San Giuseppe Falegname – Antonella Spina

Quello che vediamo è una riproposizione della pittrice Antonella Spina del San Giuseppe Falegname di George de la Tour.

La figura protagonista è indubbiamente San Giuseppe che è intento in una fase del suo lavoro di falegname con l’unica luce di una candela tenuta  con la mano destra da un Gesù ancora bambino, diremmo all’incirca 10 anni; luce che dona all’opera un aspetto intimo dal quale si denota la continuazione della scuola di Caravaggio di cui De la Tour è un importante esponente del XVII secolo.
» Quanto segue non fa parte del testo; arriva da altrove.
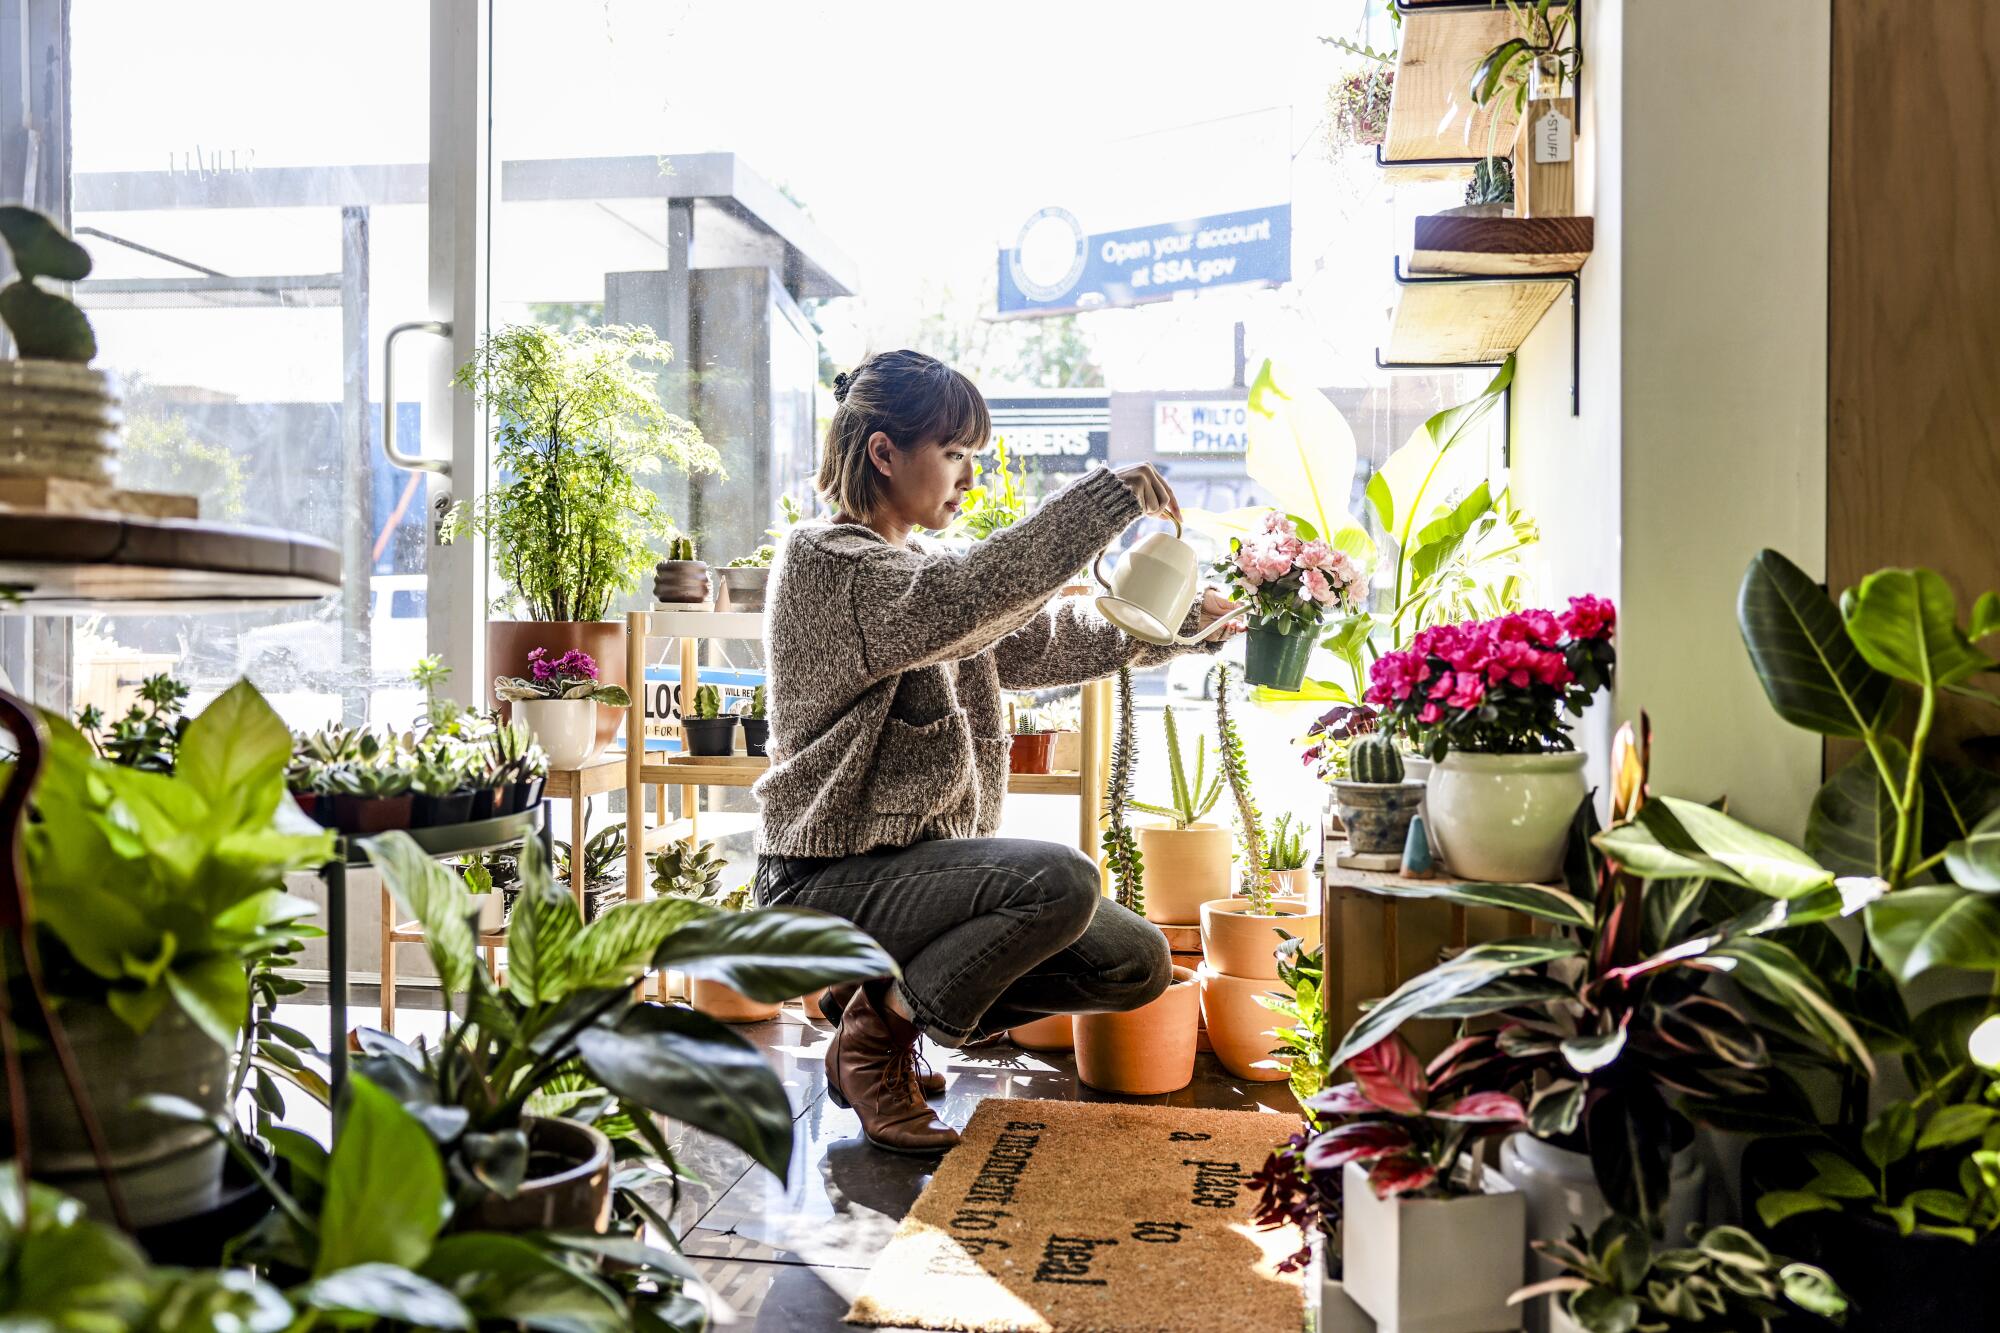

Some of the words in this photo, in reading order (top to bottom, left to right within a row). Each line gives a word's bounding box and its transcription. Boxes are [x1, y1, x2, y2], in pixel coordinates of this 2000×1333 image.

[1101, 240, 1150, 265] Open
[1153, 233, 1193, 260] your
[1195, 219, 1271, 250] account
[1131, 267, 1149, 288] at
[1152, 257, 1236, 283] SSA.gov
[1192, 406, 1246, 425] WILTO
[983, 431, 1090, 455] ARBERS
[1193, 429, 1248, 448] PHA
[645, 683, 681, 719] LOS
[725, 687, 741, 697] WILL
[742, 689, 754, 698] RET
[654, 726, 673, 737] FOR
[1004, 1121, 1046, 1132] a
[1168, 1131, 1212, 1143] a
[963, 1131, 1039, 1206] moment
[1182, 1158, 1254, 1209] place
[949, 1208, 1013, 1231] to
[1130, 1220, 1193, 1245] to
[1033, 1233, 1119, 1287] heal
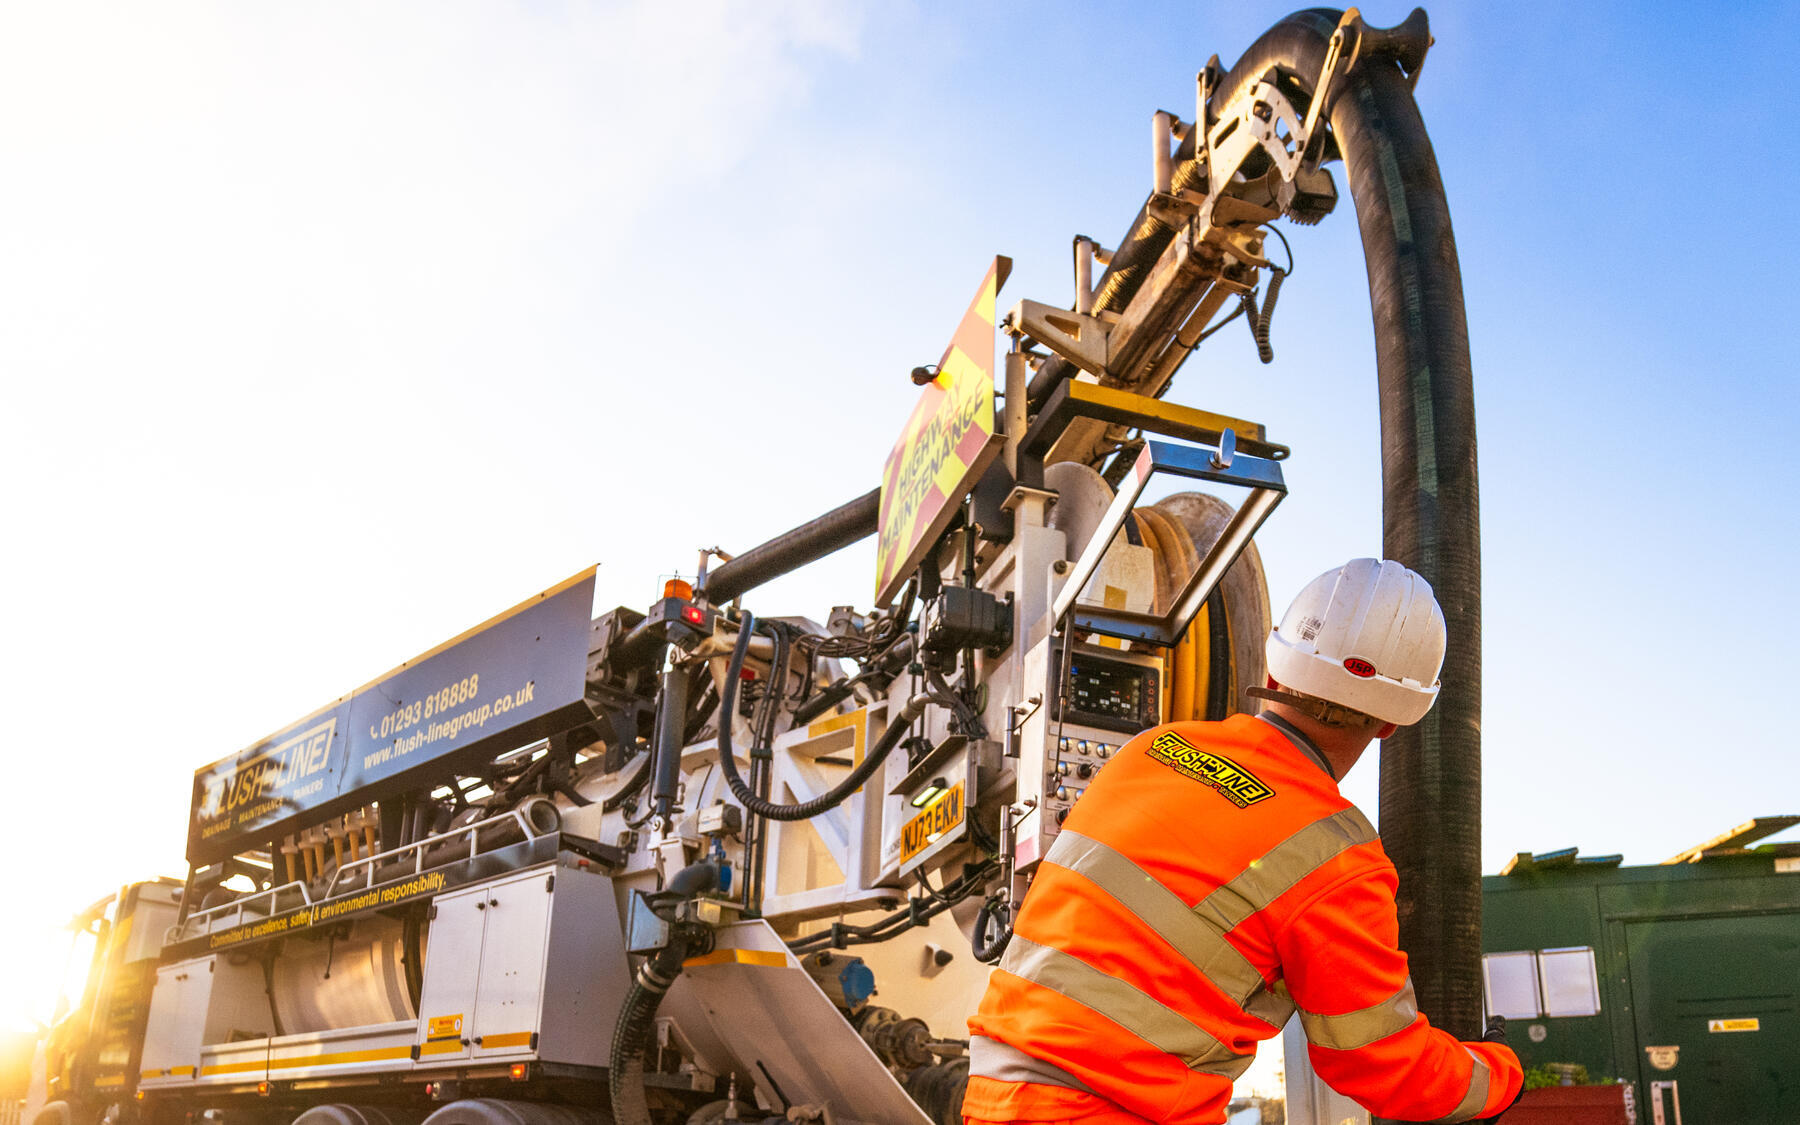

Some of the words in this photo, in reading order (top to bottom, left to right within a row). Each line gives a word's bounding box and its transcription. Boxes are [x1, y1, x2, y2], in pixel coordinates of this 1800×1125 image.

[881, 382, 984, 560] MAINTENANCE
[1348, 661, 1372, 674] JSP
[364, 681, 535, 770] www.flush-linegroup.co.uk
[381, 701, 422, 738] 01293
[424, 673, 479, 719] 818888
[239, 797, 284, 824] MAINTENANCE
[904, 811, 933, 857] NJ73
[935, 789, 959, 833] EKM
[210, 926, 244, 949] Committed
[244, 926, 252, 939] to
[321, 888, 380, 919] environmental
[381, 872, 447, 904] responsibility.
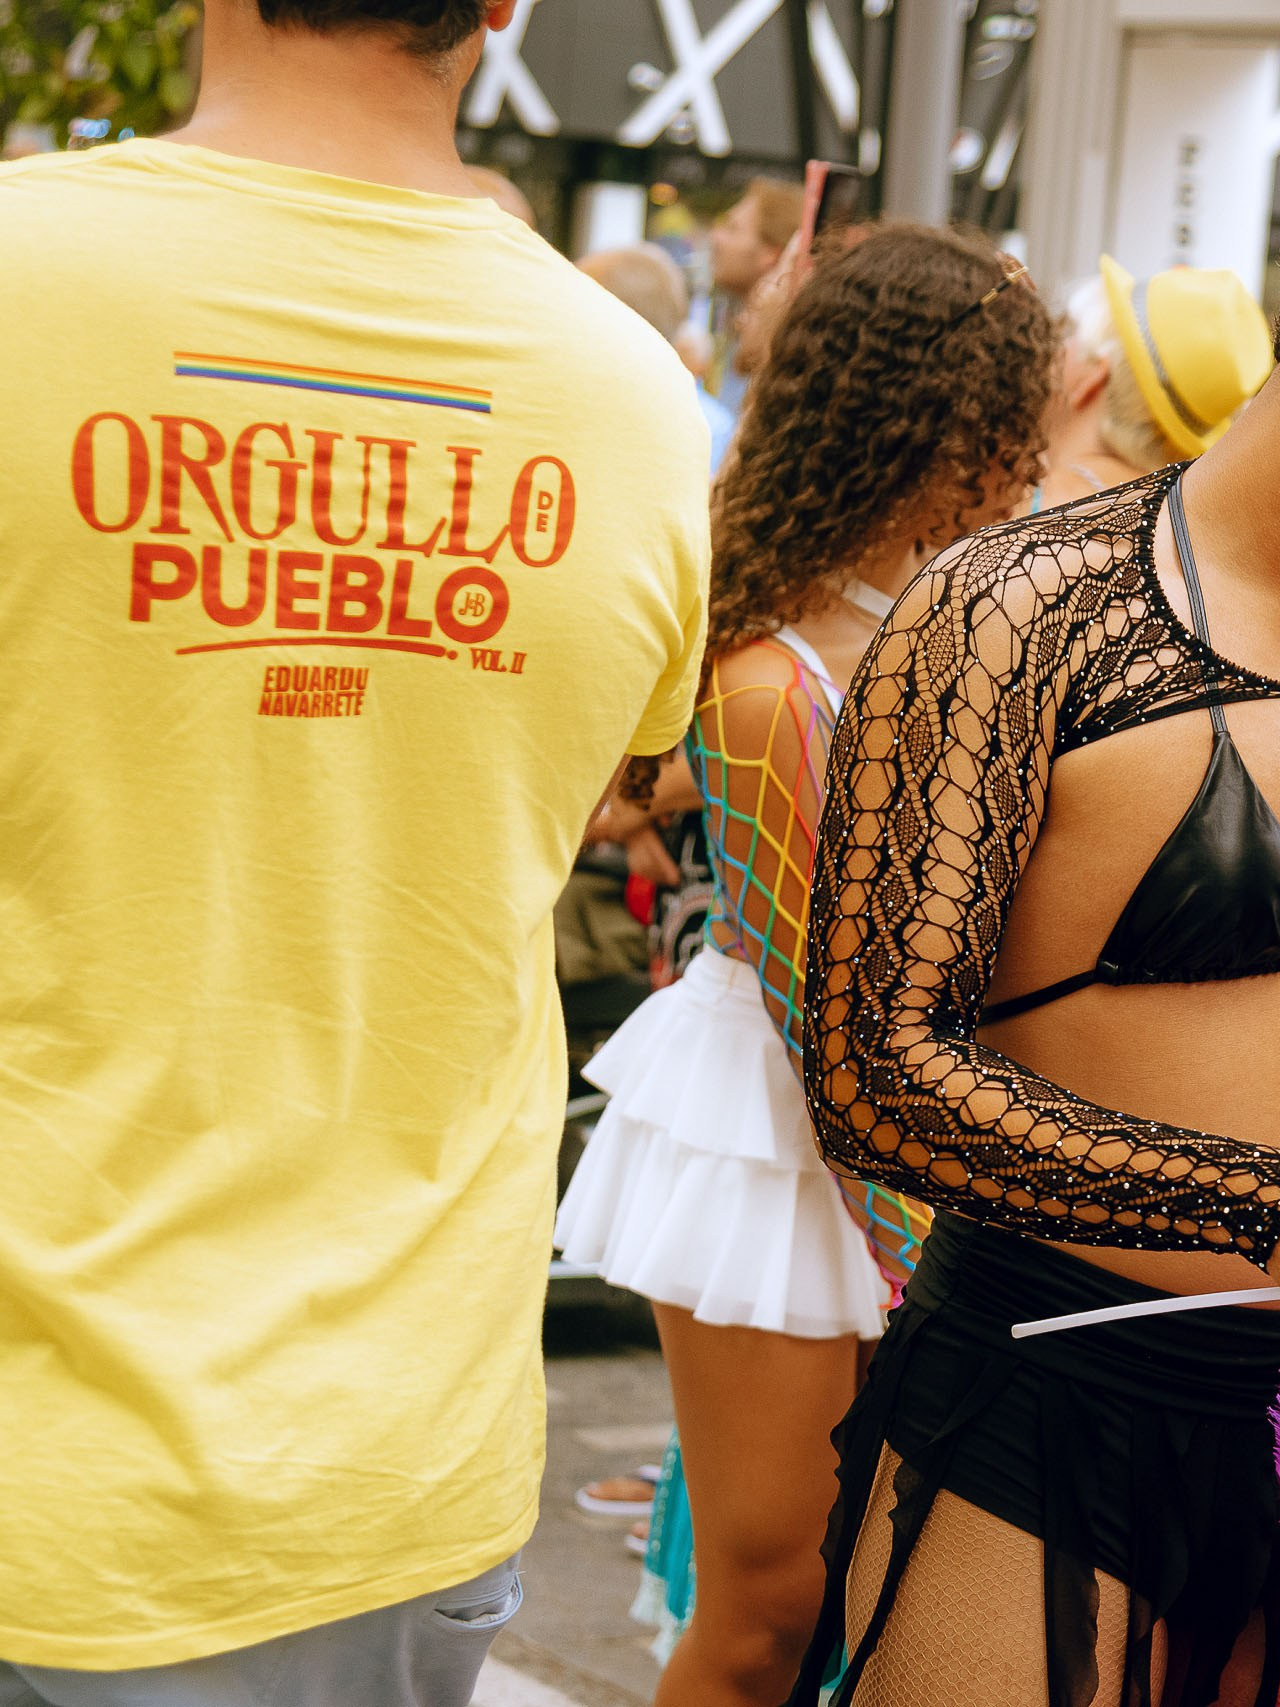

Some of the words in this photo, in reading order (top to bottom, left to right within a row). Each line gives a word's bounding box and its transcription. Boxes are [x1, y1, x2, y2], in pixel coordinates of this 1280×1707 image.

[71, 411, 576, 568] ORGULLO
[536, 490, 554, 533] DE
[130, 542, 510, 644] PUEBLO
[509, 651, 527, 674] II
[257, 690, 365, 718] NAVARRETE
Nell’originale, vedremo degli attrezzi ai piedi di Giuseppe, uno scalpello ed una mazzuola, attrezzi utilizzati dal falegname, ma ricordiamo anche come simboli della Libera Muratoria nel lavoro di sgrossamento della pietra grezza. Accanto a questi, un pezzo di tornitura da legno dalla forma elicoidale che ci ricorda l’armonia delle forme che si manifesta attraverso la spirale aurea. Nelle mani tiene un tinivello, attrezzo utilizzato per la foratura in questo caso di un asse, saldamente fermo grazie alla tenuta del piede sinistro.

Interessante notare gli sguardi dei personaggi: San Giuseppe, infatti non guarda verso l’asse, non guarda verso il lavoro che sta compiendo, ma osserva intensamente la luce tenuta da Gesù il quale, a sua volta, guarda verso il petto di Giuseppe.

Entrambi quindi non sono concentrati nell’attività che si sta svolgendo, indicando all’osservatore che è in atto un lavoro che non ha niente a che fare con l’asse che viene forato; non è un lavoro “umano” che si sta compiendo, ma qualcosa che trascende l’aspetto materiale.

San Giuseppe osserva la fiamma della candela che qui rappresenta il Fuoco Sacro del Logos, la Conoscenza Infusa rappresentata in moltissime opere come la fiamma dell’Intelletto Sacro che si vede sopra la testa dei santi o degli Apostoli durante la Pentecoste. Dunque Giuseppe sta ricevendo la Conoscenza, la Gnosi proveniente dall’Intelletto Divino, ed è in fase contemplativa. Questa Conoscenza viene poi riportata sul piano umano attraverso il lavoro dell’Uomo, dell’Iniziato che, ispirato dal Sacro, diventa sua manifestazione.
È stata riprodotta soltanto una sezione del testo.